→ **RECORDS SHOWN**:
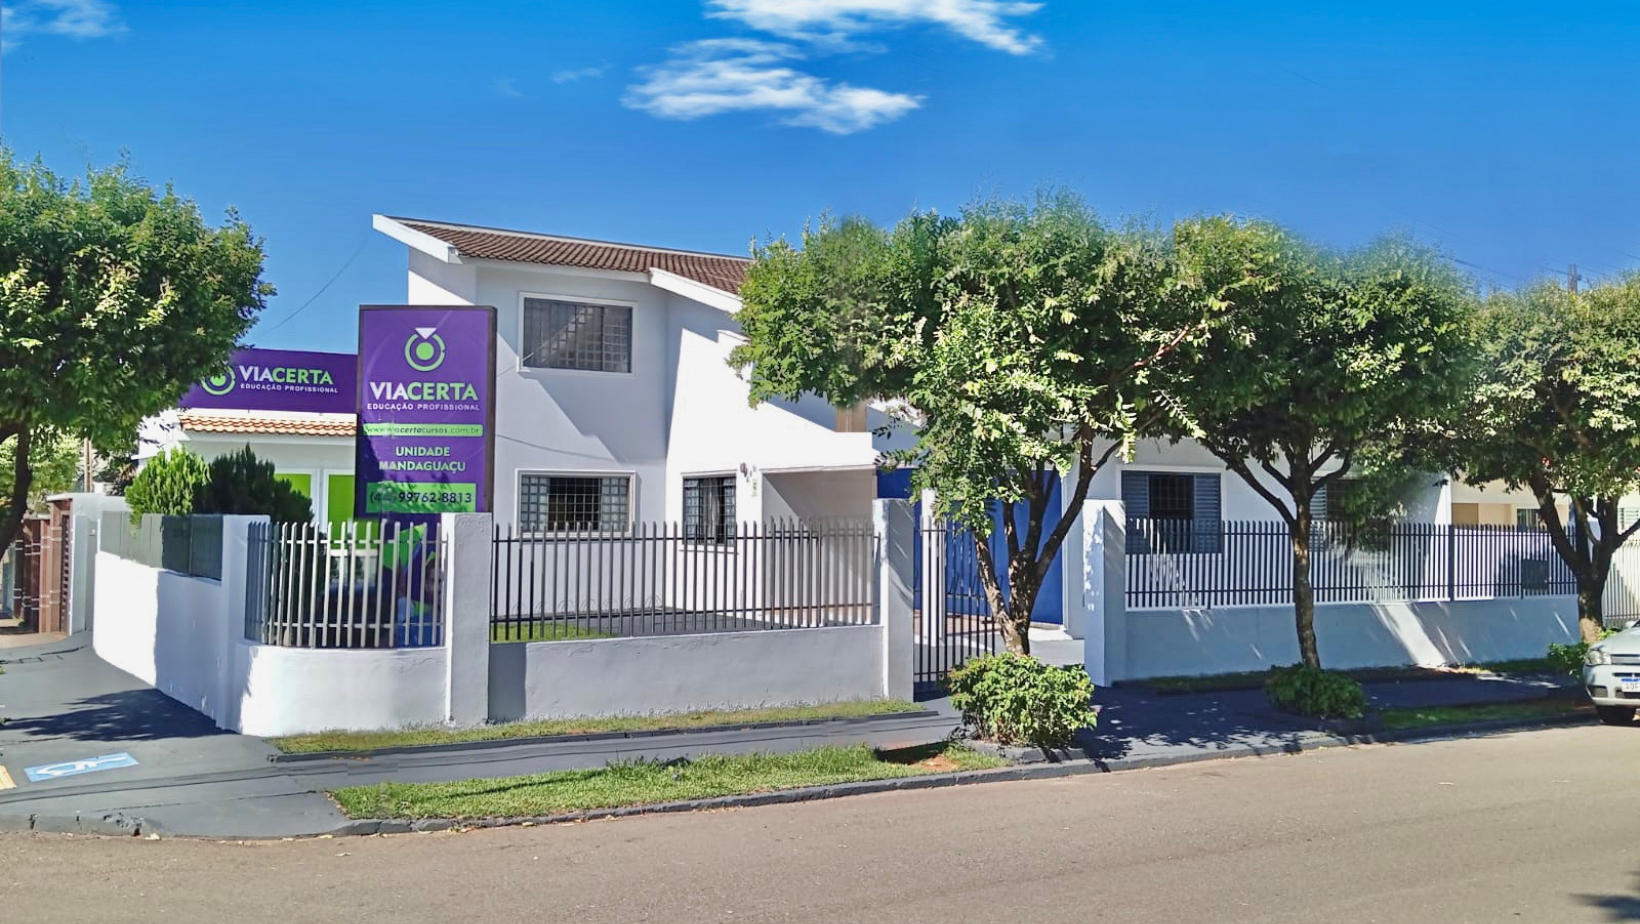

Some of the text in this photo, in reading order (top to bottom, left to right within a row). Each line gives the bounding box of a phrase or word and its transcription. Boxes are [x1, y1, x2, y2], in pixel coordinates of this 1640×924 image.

[239, 365, 334, 385] VIACERTA
[240, 383, 282, 391] EDUCAÇÃO
[369, 382, 479, 401] VIACERTA
[367, 403, 480, 411] EDUCAÇÃO PROFISSIONAL
[395, 446, 451, 457] UNIDADE
[379, 461, 466, 473] MANDAGUAÇU
[398, 492, 472, 503] 99762-8813
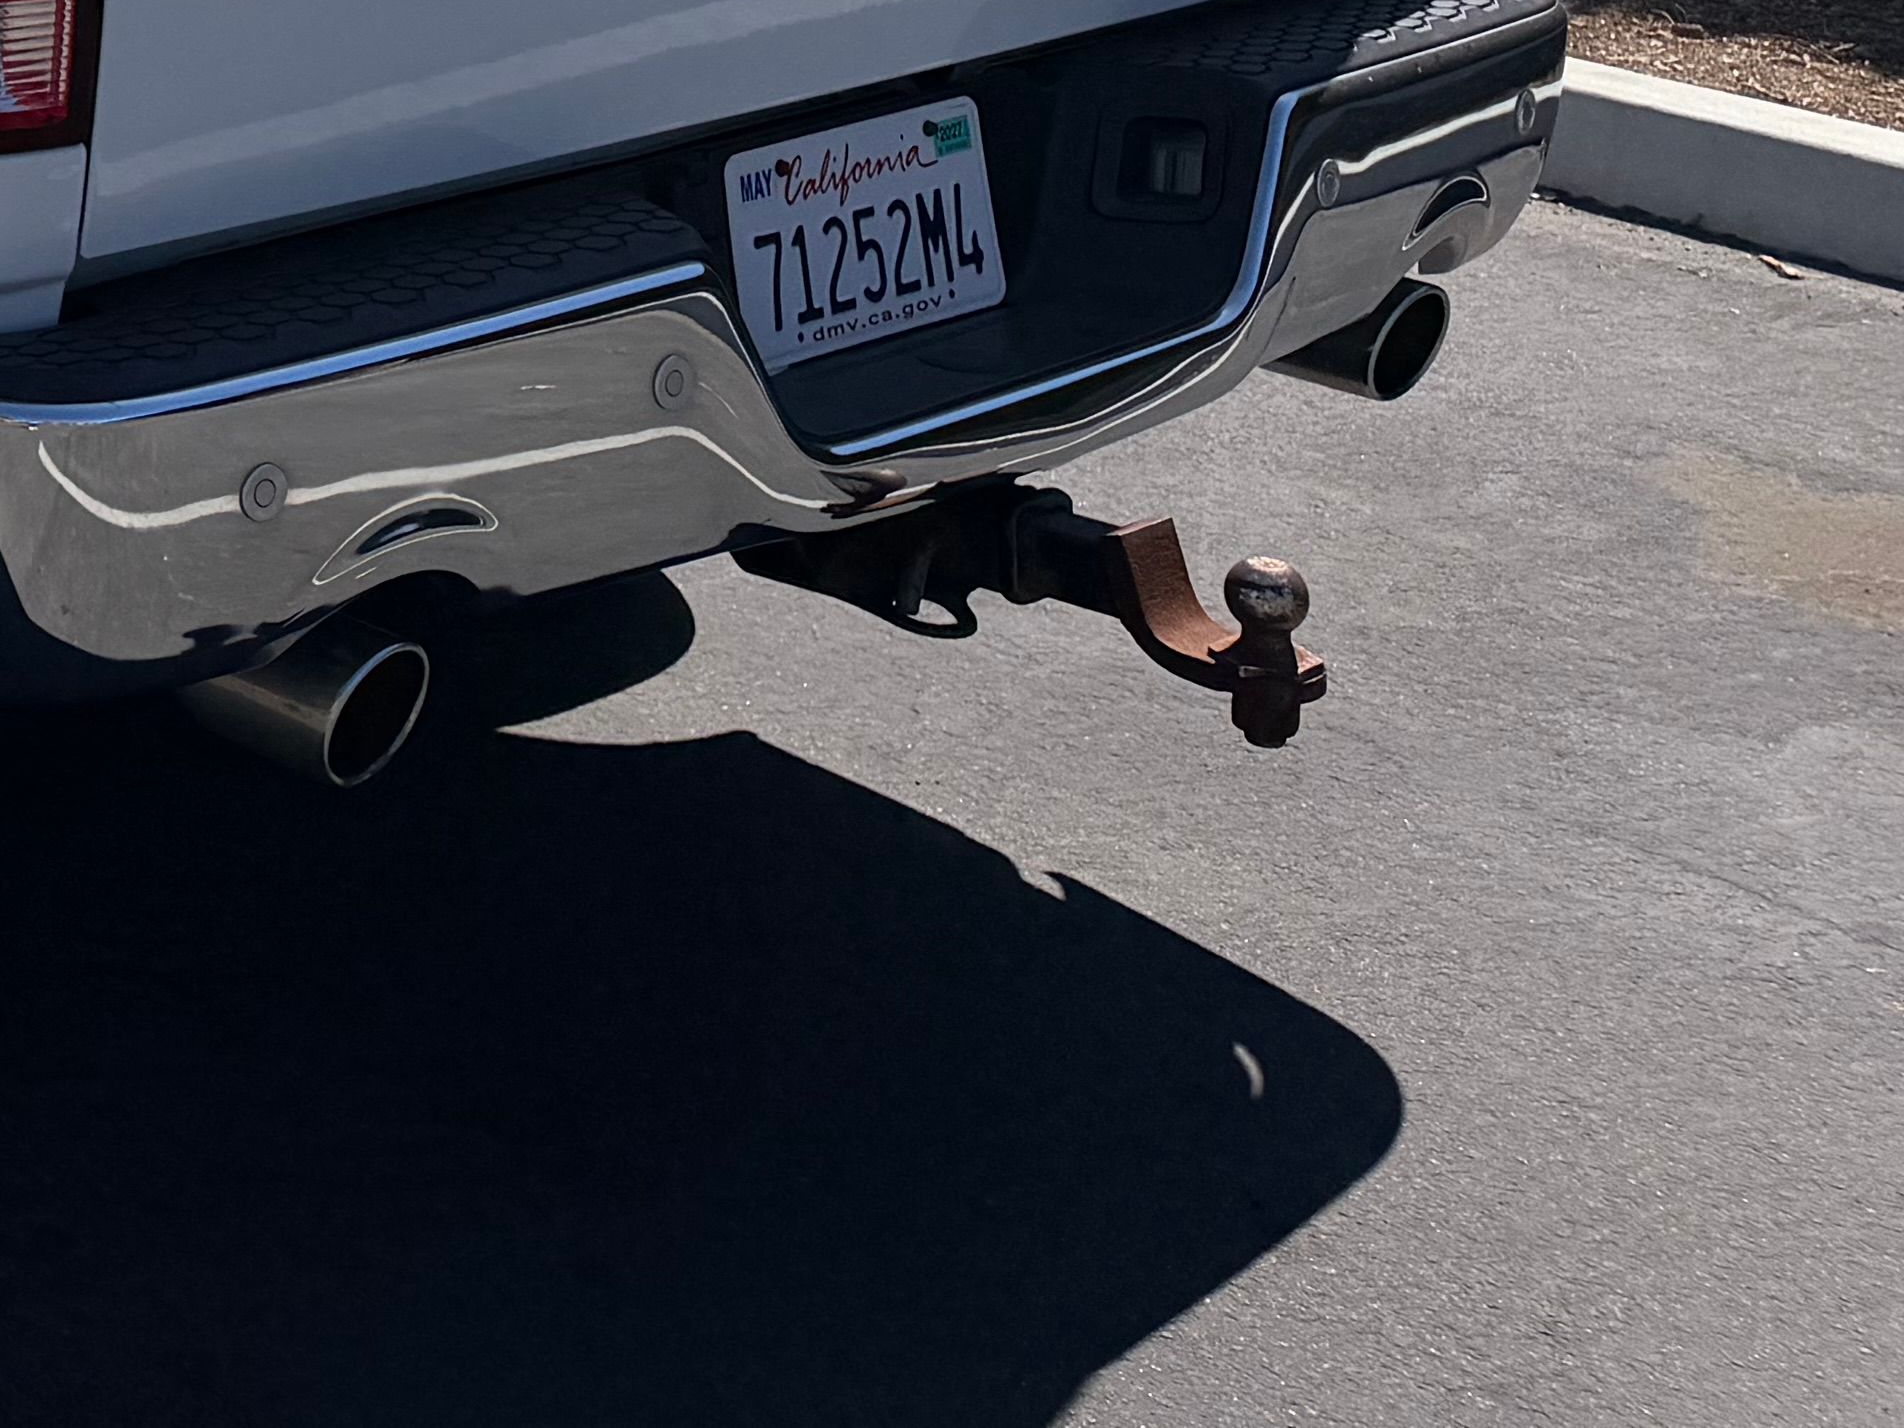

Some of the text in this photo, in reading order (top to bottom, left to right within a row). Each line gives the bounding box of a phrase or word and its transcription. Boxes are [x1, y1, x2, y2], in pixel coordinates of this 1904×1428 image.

[739, 167, 773, 204] MAY
[781, 134, 938, 207] California
[753, 182, 985, 333] 71252M4
[812, 294, 943, 343] dmv.ca.gov

→ **INSTRUCTIONS TO FOLLOW**: Return the listing above unaltered, omitting its pictures.

→ **RESULT FOR THIS EXERCISE**:
Some of the text in this photo, in reading order (top to bottom, left to right within a row). Each line gives the bounding box of a phrase or word and its transcription. Boxes are [x1, y1, x2, y2], in pixel coordinates of this 1640×924 image.

[239, 365, 334, 385] VIACERTA
[240, 383, 282, 391] EDUCAÇÃO
[369, 382, 479, 401] VIACERTA
[367, 403, 480, 411] EDUCAÇÃO PROFISSIONAL
[395, 446, 451, 457] UNIDADE
[379, 461, 466, 473] MANDAGUAÇU
[398, 492, 472, 503] 99762-8813

Some of the text in this photo, in reading order (top to bottom, left to right within a row). Each line gives the bounding box of a phrase or word and its transcription. Boxes are [x1, y1, x2, y2], in pixel coordinates of this 1904×1428 image.

[739, 167, 773, 204] MAY
[781, 134, 938, 207] California
[753, 182, 985, 333] 71252M4
[812, 294, 943, 343] dmv.ca.gov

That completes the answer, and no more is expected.